Leaves are the most visible organs of a plant.
They perform many crucial functions such as photosynthesis and transpiration, in which their internal structure plays an important role.
A dicot leaf is also known as dorsiventral as its upper and lower sides are different in structure.
The transverse section of a dicot leaf has three main parts – epidermis, mesophyll and the vascular system.
The epidermis covers the upper and lower surfaces of the leaf and is coated with the cuticle. The epidermis covering the upper surface of leaf is called the adaxial epidermis while that covering the lower surface is called the abaxial epidermis. Typically, the abaxial epidermis has more stomata compared to the adaxial epidermis, which sometimes may not have any stomata at all.
The next part of the leaf is the mesophyll, which is located between the upper and the lower epidermis. It is also called the green tissue of the leaf as it contains chloroplasts.
The mesophyll is made up of parenchyma and performs photosynthesis.
In dicot leaves, the mesophyll tissue is differentiated as palisade parenchyma and spongy parenchyma. The palisade parenchyma, located near the adaxial epidermis, is made up of elongated cells arranged vertically and parallel to each other. These cells have fewer intercellular spaces. The spongy parenchyma is located just below the palisade parenchyma and it extends up to the abaxial epidermis.

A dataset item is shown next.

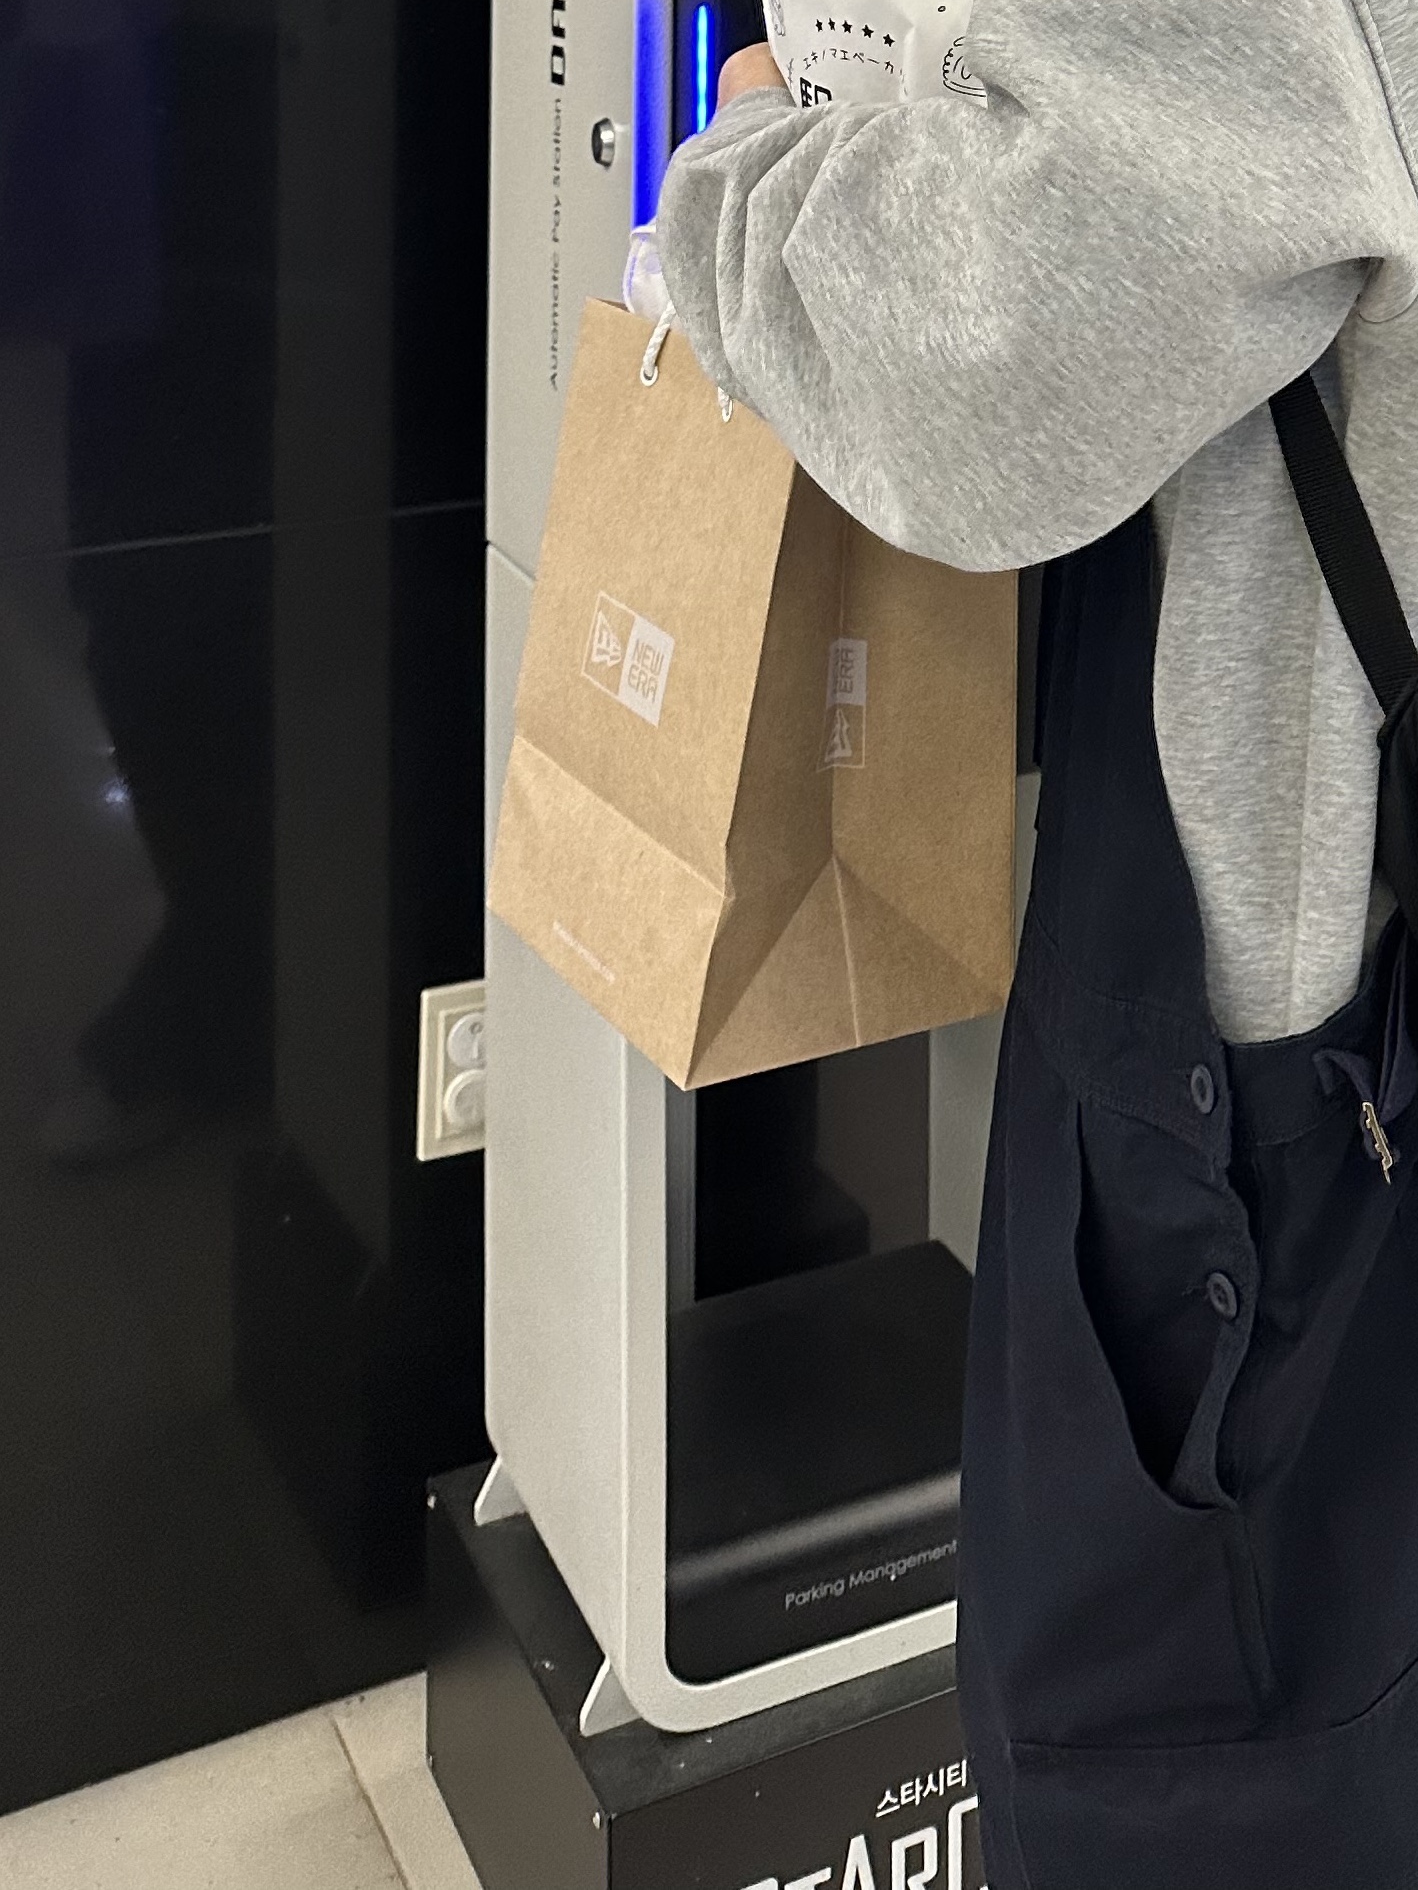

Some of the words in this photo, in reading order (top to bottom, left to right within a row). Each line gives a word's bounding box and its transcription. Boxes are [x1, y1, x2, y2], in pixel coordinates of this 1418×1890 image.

It consists of round cells which are loosely arranged and have large intercellular spaces and air cavities.
The third part of a dicot leaf is the vascular system comprising vascular bundles.
When observed under a microscope, vascular bundles can be seen in the veins and the midrib of the leaf. The size of the vascular bundles depends on the size of the vein. In dicot plants, the leaves have reticulate venation, in which the veins are of different sizes. Therefore, the vascular bundles are found irregularly scattered in the mesophyll. In the large veins, vascular bundles are usually surrounded by a bundle sheath.
Monocot leaf: It is also known as an isobilateral leaf, which means it is identical on both sides of its axis and shows parallel venation. The anatomy of a monocot leaf is similar to that of a dicot leaf. However, there are also some key differences.
Unlike a dicot leaf, where stomata are found in greater numbers in the abaxial epidermis, in a monocot leaf, stomata are present on both surfaces of the epidermis.
Moreover, the mesophyll cells are not differentiated as palisade and spongy parenchyma in a monocot leaf. The vascular bundles in a dicot leaf are irregularly scattered due to reticulate venation. In a monocot leaf, however, they are arranged in a parallel manner in the mesophyll due to parallel venation. In the leaves of monocots such as grasses, veins and cells of the upper epidermis modify themselves as large, bubble-shaped, colourless cells also known as bulliform cells.
On absorption of water, bulliform cells become turgid and expose the leaf’s surface.
Conversely, in water-stress situations, there is loss of turgor pressure, and bulliform cells become flaccid. As a result, the leaves curl inwards to minimise water loss. Hence, a lot of activity goes on in the internal structure of a leaf.
Since major food production takes place in leaves, they are aptly known as the plant’s powerhouse of energy.